What you will do -> Could you give back every record below exactly, leaving out the pictures?

[Items listed in a dataset]
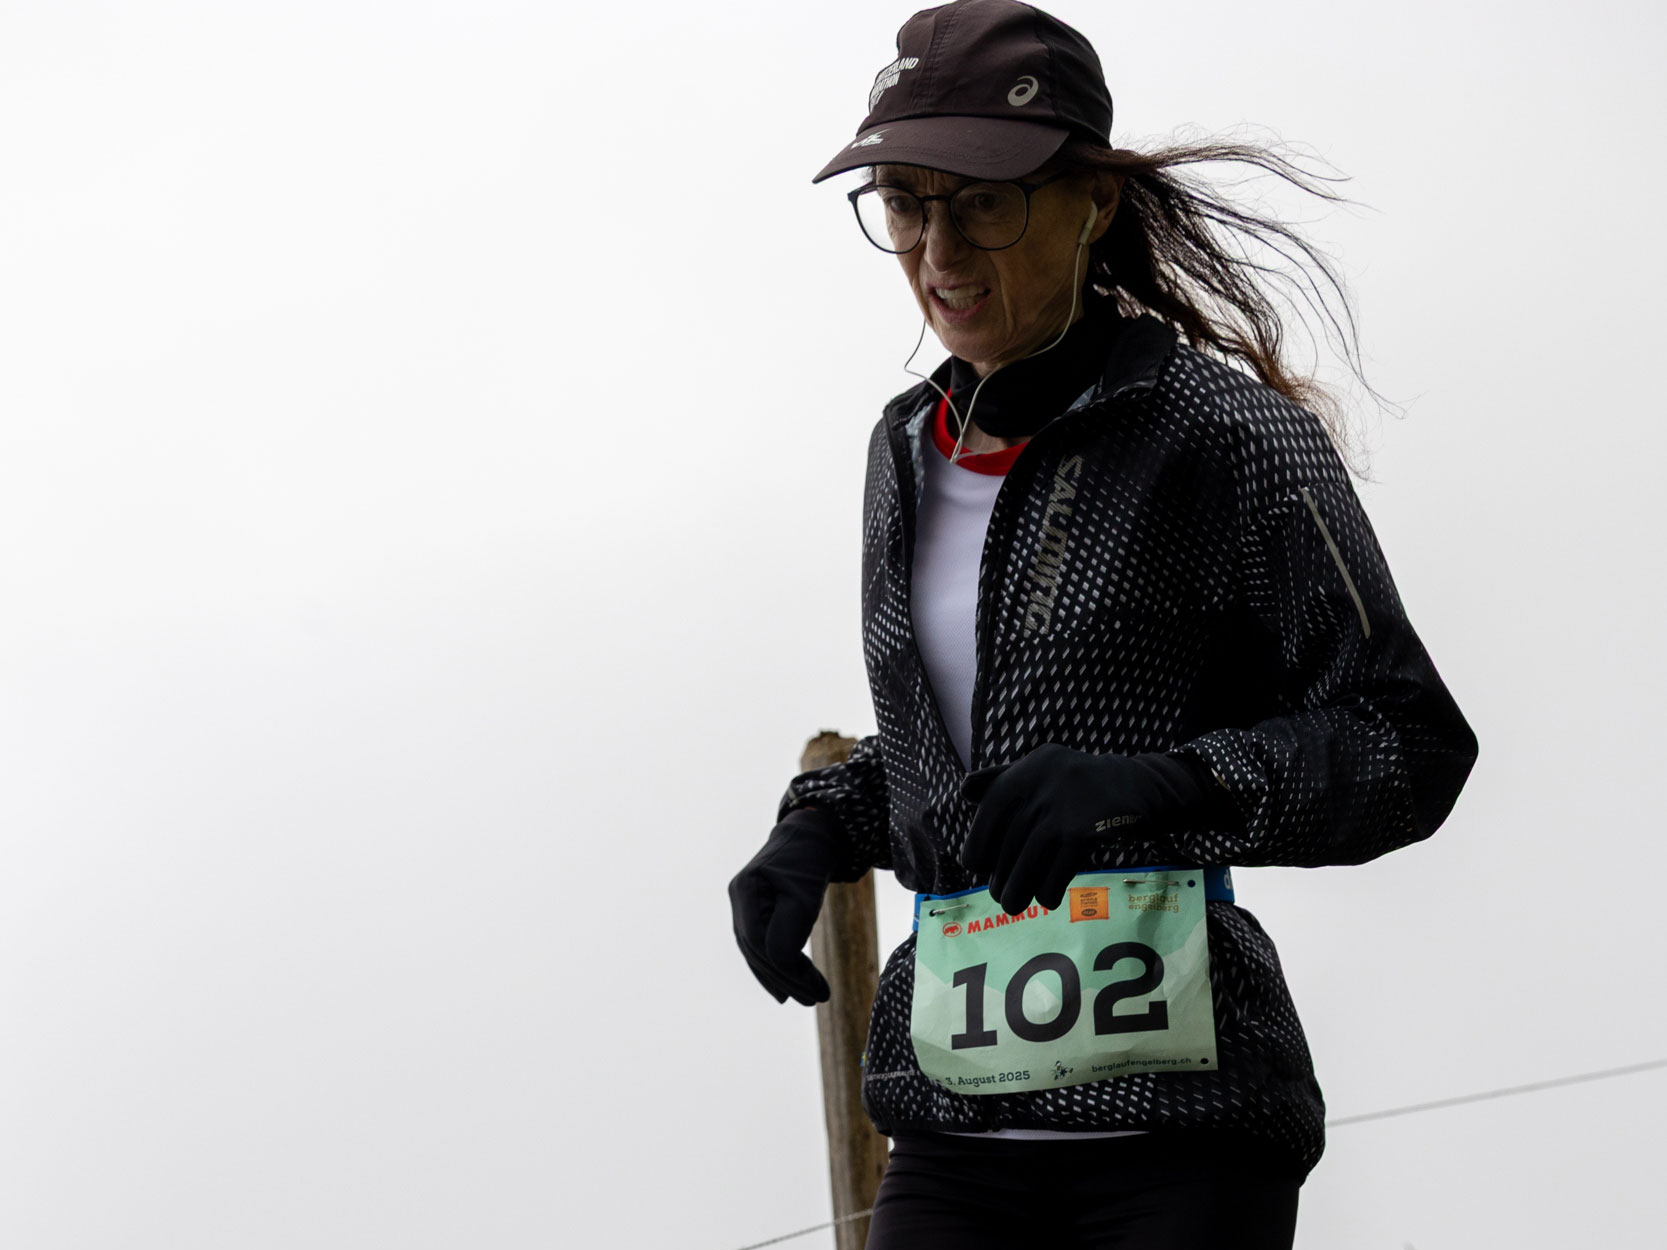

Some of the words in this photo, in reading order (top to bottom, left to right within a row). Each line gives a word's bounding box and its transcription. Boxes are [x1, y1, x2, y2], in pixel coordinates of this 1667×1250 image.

[1128, 894, 1179, 904] berglauf
[1128, 903, 1179, 913] engelberg
[951, 941, 1169, 1050] 102
[1091, 1057, 1192, 1073] berglaufengelberg.ch
[958, 1073, 997, 1088] August
[998, 1070, 1031, 1083] 2025

Your solution ->
Some of the words in this photo, in reading order (top to bottom, left to right within a row). Each line gives a word's bounding box and its transcription. Boxes are [x1, y1, x2, y2], in pixel coordinates of this 1667×1250 image.

[1128, 894, 1179, 904] berglauf
[1128, 903, 1179, 913] engelberg
[951, 941, 1169, 1050] 102
[1091, 1057, 1192, 1073] berglaufengelberg.ch
[958, 1073, 997, 1088] August
[998, 1070, 1031, 1083] 2025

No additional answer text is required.